Belete imports many of his ingredients directly from Ethiopia to maintain the food’s authenticity, explaining that spices like red pepper, cloves, and cardamom are grown differently (and often organically) in Africa. Those spices go into colorful, flavorful dishes like doro wat, a spicy chicken-based stew made with the fiery spice blend berbere, beef, chicken or lamb tibs, and numerous dishes built around lentils, split peas, chick peas and greens.

“Ethiopian food is more time-consuming,” the owner explains. “It’s not like you make it rush-rush. You make 12 to 15 different kinds of stews every day and make sure each dish is as flavorful as you can.”

For first-timers, Belete recommends the special combo, a large platter filled with options that will feed and satisfy the whole family.
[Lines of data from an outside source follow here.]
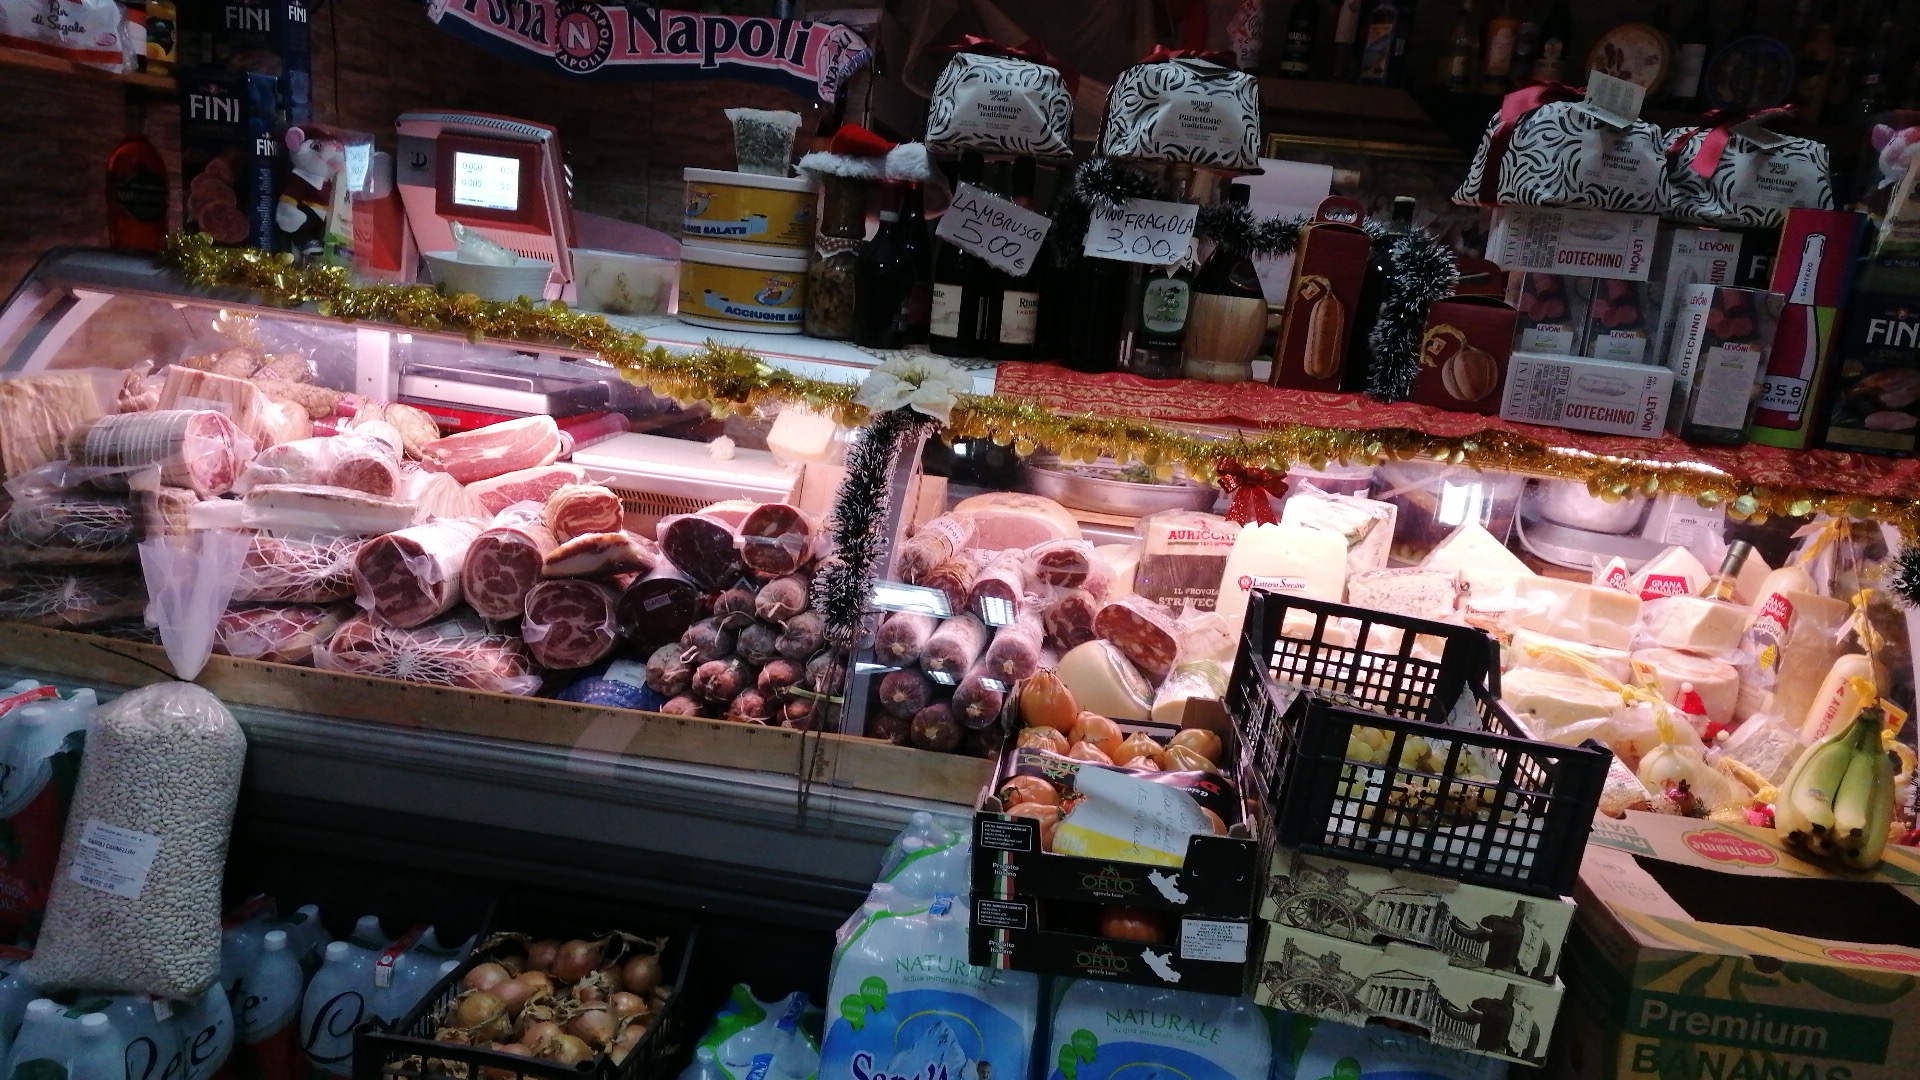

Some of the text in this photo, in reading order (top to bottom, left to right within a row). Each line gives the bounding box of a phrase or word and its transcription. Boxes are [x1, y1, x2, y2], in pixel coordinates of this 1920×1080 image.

[225, 5, 271, 32] FINI
[288, 4, 307, 23] FINI
[31, 15, 87, 35] di Segale
[626, 5, 814, 68] Napoli
[190, 93, 241, 124] FINI
[976, 103, 1022, 115] Panettone
[1178, 113, 1223, 126] Panettone
[256, 138, 277, 158] FIN
[1602, 153, 1642, 166] Panettone
[1754, 175, 1799, 188] Panettone
[952, 194, 1043, 242] LAMBRUSCO
[1095, 207, 1195, 236] VINO FRAGOLA
[1628, 239, 1644, 274] LEVONI
[1698, 242, 1735, 253] LEVONI
[1557, 249, 1623, 269] COTECHINO
[1800, 261, 1814, 297] SANTERO
[724, 305, 786, 321] ACCIUGHE
[1536, 325, 1562, 334] LEVONI
[1610, 331, 1636, 340] LEVONI
[1865, 318, 1920, 348] FIN
[1680, 312, 1702, 378] COTECHINO
[1724, 343, 1750, 353] LEVONI
[1558, 366, 1571, 385] COTTO
[1565, 403, 1635, 425] COTECHINO
[1641, 396, 1658, 432] LEVONI
[1167, 529, 1238, 542] AURICCHI
[1173, 588, 1183, 596] IL
[1252, 577, 1307, 590] Latteria Soresina
[1650, 580, 1683, 589] GRANA
[1751, 622, 1783, 639] MANTOVA
[1691, 839, 1772, 860] Del Monte
[992, 862, 1020, 871] Prodotto
[988, 939, 1015, 949] Prodotto
[896, 953, 1006, 989] NATURALE
[902, 974, 924, 984] Acqua
[925, 975, 958, 986] minerale
[1105, 1007, 1225, 1045] NATURALE
[1638, 998, 1829, 1050] Premium
[1113, 1026, 1208, 1049] Acqua minerale naturale
[1630, 1042, 1854, 1080] BANANAS
Credit: Zoma Ethiopian restaurant
An example of a combo platter at Zoma

Because so much of the cuisine relies on grains, legumes and vegetables, Ethiopian food is becoming increasingly popular with vegetarians and vegans. In fact, Belete estimates that 70- to 80-percent of his clientele classify themselves as meat-free diners. In the coming weeks, the chef plans to add even more vegetable-based dishes to the menu.

“People’s preferences are changing and changing right now,” he says. “People are avoiding the drive-through and instead they sacrifice to eat Ethiopian vegan dishes by driving from Westlake or Hudson to Cleveland Heights because they are more health conscious.”

While Zoma has been closed during the pandemic to dine-in service, carry-out and delivery business has been brisk enough to keep Zoma afloat, reports Belete.

“The one thing we miss is our families coming to dine in the restaurant, but support-wise they have helped us out a lot in terms of carry-out,” he says. “We are doing good, so no complaints. I understand that restaurants can close even before the pandemic, so as long as you do things the right way, you can survive. People come in from Mentor, come in from Lakewood, come in from Broadview Heights to take carry-out from us. Some people send us a check to help the restaurant out.”

Credit: Zoma Ethiopian restaurant
Dish from Zoma Ethiopian restaurant

For the foreseeable future, he adds, carry-out and delivery is the only business Zoma will continue to offer.

“The times we are at now is not better than what we had before March 15, so I don’t think it’s a safe time bring customers to the dining environment. I don’t think in the near future.”